▸ **Instructions for the task**: Every entry must come back exactly as it was written.

Collected data
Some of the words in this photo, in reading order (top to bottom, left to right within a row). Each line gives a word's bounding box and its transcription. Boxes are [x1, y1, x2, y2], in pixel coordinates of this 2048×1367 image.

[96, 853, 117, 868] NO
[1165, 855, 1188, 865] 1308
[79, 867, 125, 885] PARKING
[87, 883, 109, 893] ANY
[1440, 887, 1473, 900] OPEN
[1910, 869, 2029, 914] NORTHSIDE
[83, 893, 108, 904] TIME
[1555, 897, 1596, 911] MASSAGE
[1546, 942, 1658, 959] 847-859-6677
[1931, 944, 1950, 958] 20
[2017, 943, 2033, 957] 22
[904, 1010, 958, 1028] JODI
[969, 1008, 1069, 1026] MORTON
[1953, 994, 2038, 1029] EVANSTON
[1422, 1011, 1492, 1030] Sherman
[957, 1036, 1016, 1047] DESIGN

▸ **Finished task**:
Some of the words in this photo, in reading order (top to bottom, left to right within a row). Each line gives a word's bounding box and its transcription. Boxes are [x1, y1, x2, y2], in pixel coordinates of this 2048×1367 image.

[96, 853, 117, 868] NO
[1165, 855, 1188, 865] 1308
[79, 867, 125, 885] PARKING
[87, 883, 109, 893] ANY
[1440, 887, 1473, 900] OPEN
[1910, 869, 2029, 914] NORTHSIDE
[83, 893, 108, 904] TIME
[1555, 897, 1596, 911] MASSAGE
[1546, 942, 1658, 959] 847-859-6677
[1931, 944, 1950, 958] 20
[2017, 943, 2033, 957] 22
[904, 1010, 958, 1028] JODI
[969, 1008, 1069, 1026] MORTON
[1953, 994, 2038, 1029] EVANSTON
[1422, 1011, 1492, 1030] Sherman
[957, 1036, 1016, 1047] DESIGN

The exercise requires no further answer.